» TASK PROMPT
Repeat the whole listing below precisely. Omit all pictures.

───── DATASET

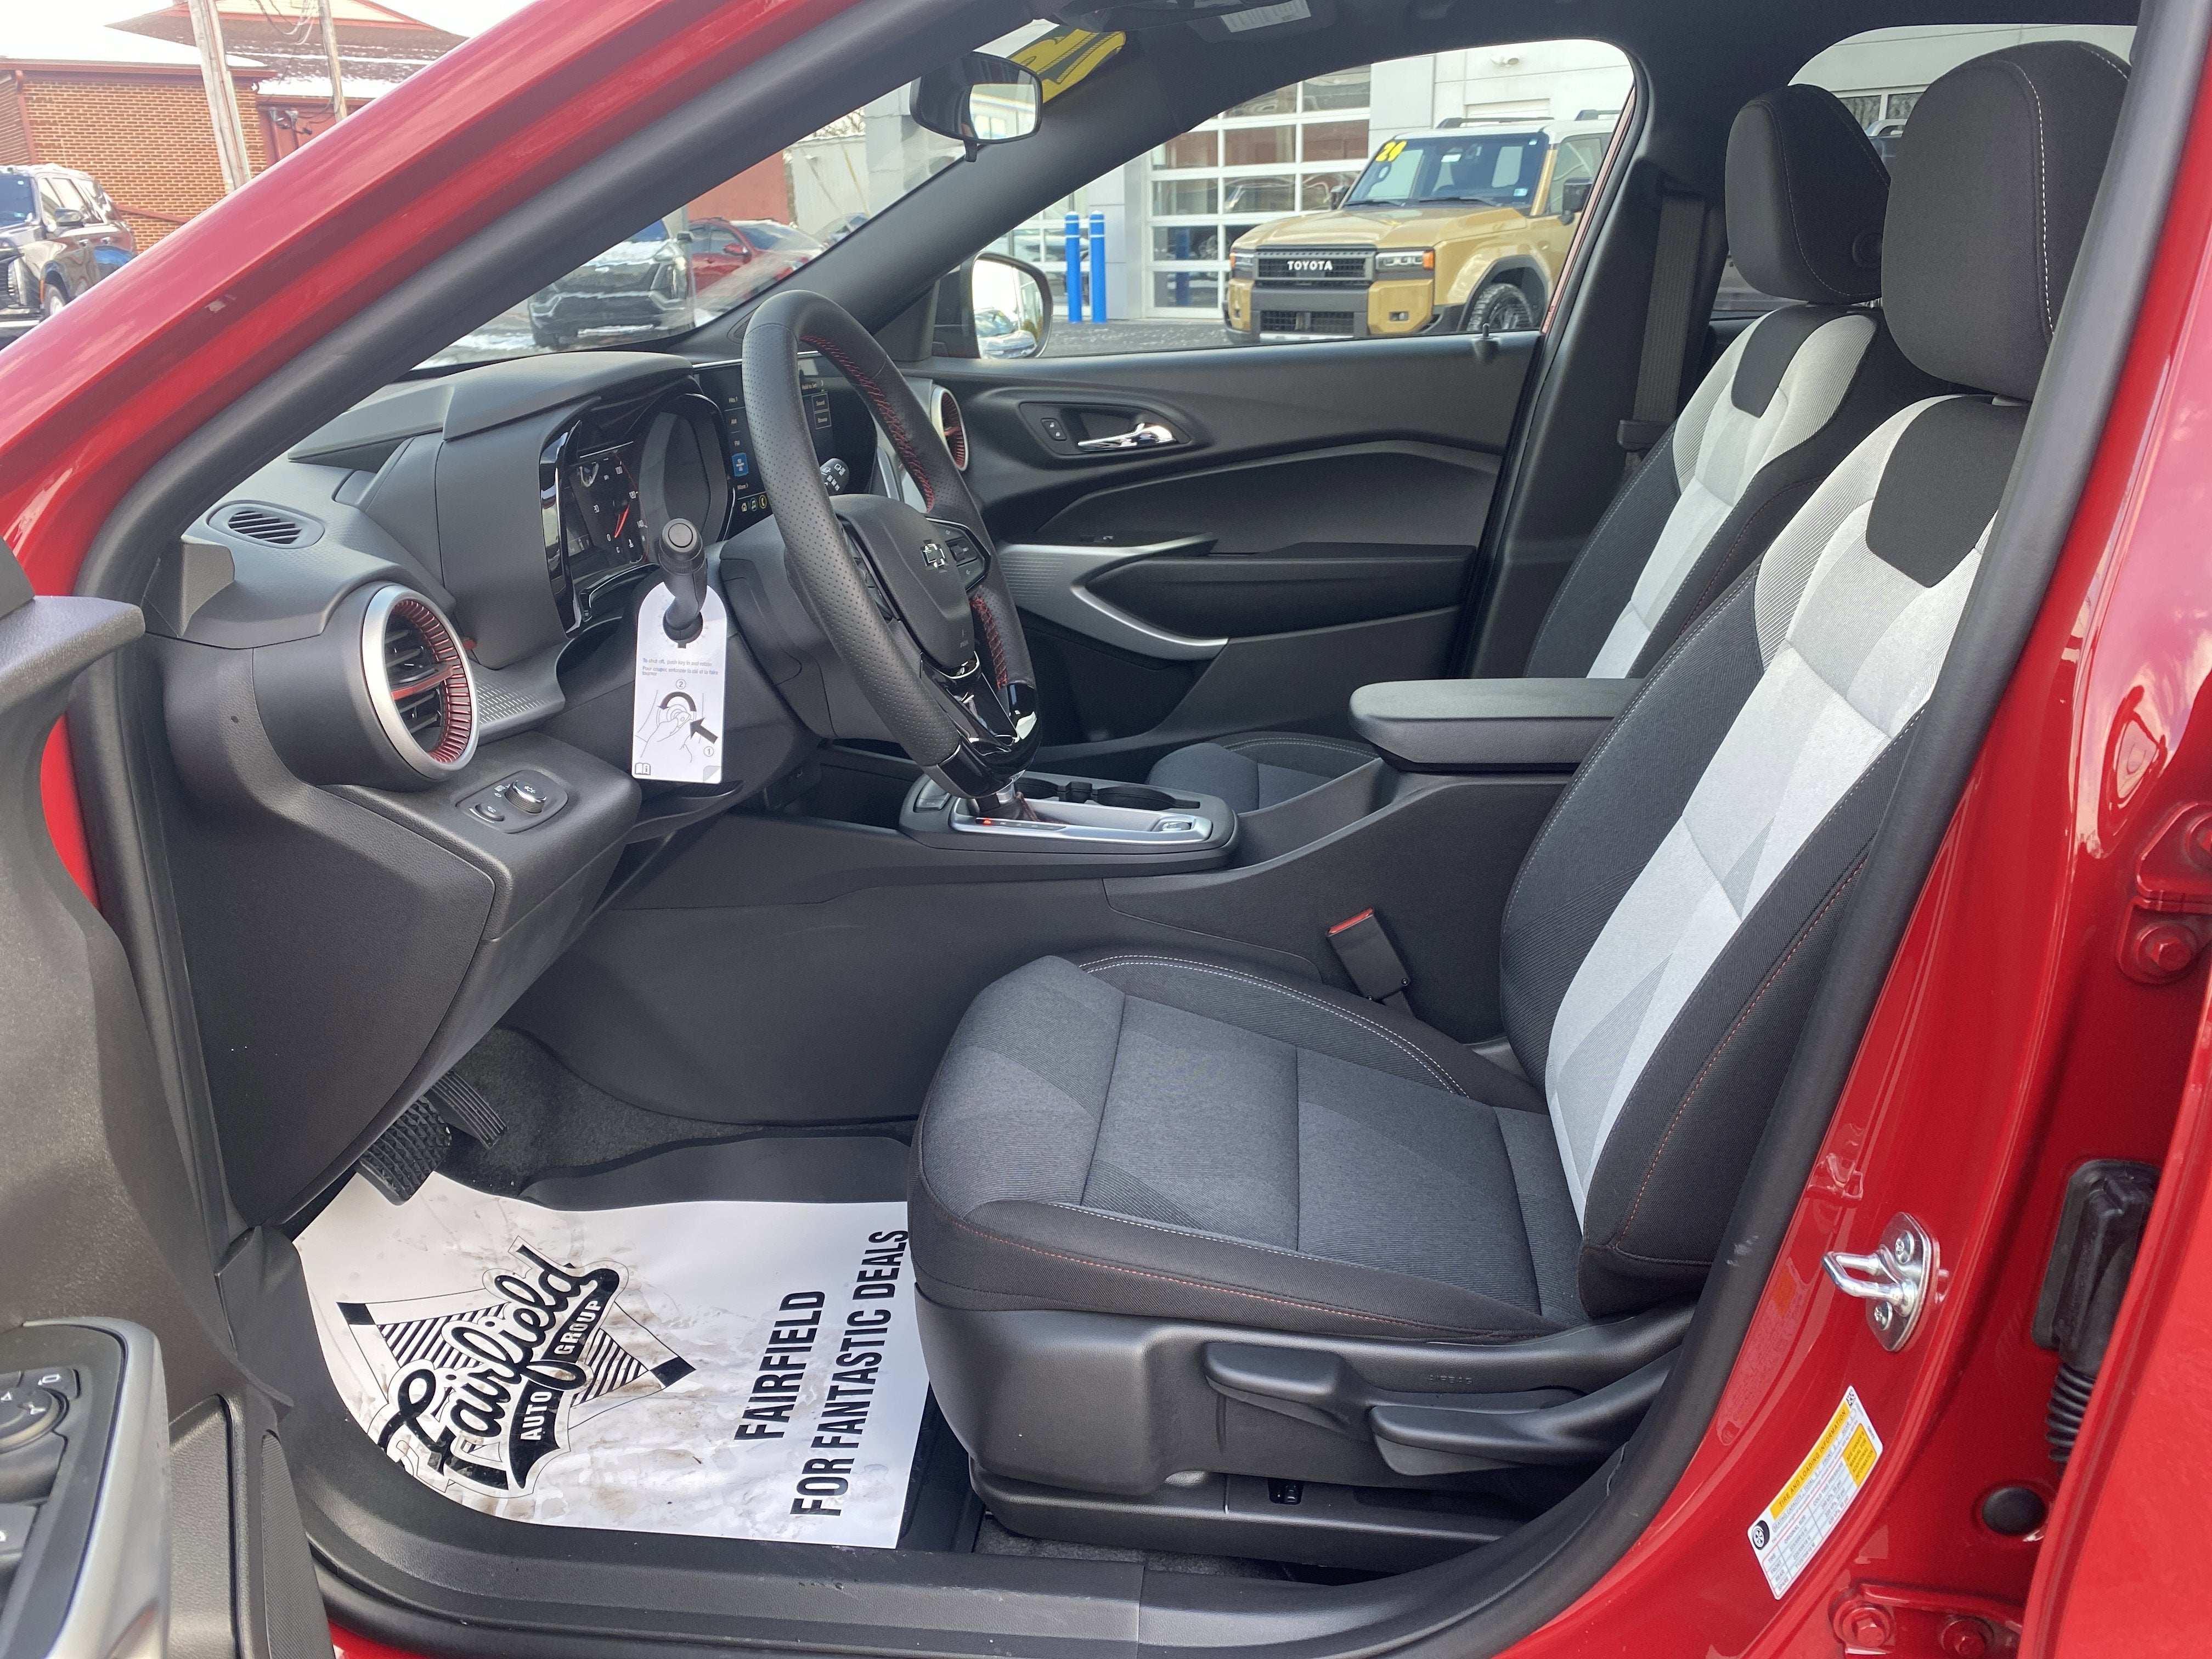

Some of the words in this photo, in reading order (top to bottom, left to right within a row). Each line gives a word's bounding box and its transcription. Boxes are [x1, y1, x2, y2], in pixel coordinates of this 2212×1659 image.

[1287, 261, 1333, 270] TOYOTA
[853, 1230, 909, 1300] DEALS
[377, 1242, 619, 1490] Fairfield
[521, 1391, 552, 1441] AUTO
[554, 1300, 601, 1355] GROUP
[733, 1291, 825, 1440] FAIRFIELD
[810, 1309, 891, 1448] FANTASTIC
[790, 1458, 855, 1516] FOR
[1779, 1492, 1790, 1506] TIRE
[1790, 1479, 1799, 1493] AND
[1799, 1452, 1819, 1480] LOADING
[1819, 1409, 1846, 1452] INFORMATION

──────────

» REPLY
Some of the words in this photo, in reading order (top to bottom, left to right within a row). Each line gives a word's bounding box and its transcription. Boxes are [x1, y1, x2, y2], in pixel coordinates of this 2212×1659 image.

[1287, 261, 1333, 270] TOYOTA
[853, 1230, 909, 1300] DEALS
[377, 1242, 619, 1490] Fairfield
[521, 1391, 552, 1441] AUTO
[554, 1300, 601, 1355] GROUP
[733, 1291, 825, 1440] FAIRFIELD
[810, 1309, 891, 1448] FANTASTIC
[790, 1458, 855, 1516] FOR
[1779, 1492, 1790, 1506] TIRE
[1790, 1479, 1799, 1493] AND
[1799, 1452, 1819, 1480] LOADING
[1819, 1409, 1846, 1452] INFORMATION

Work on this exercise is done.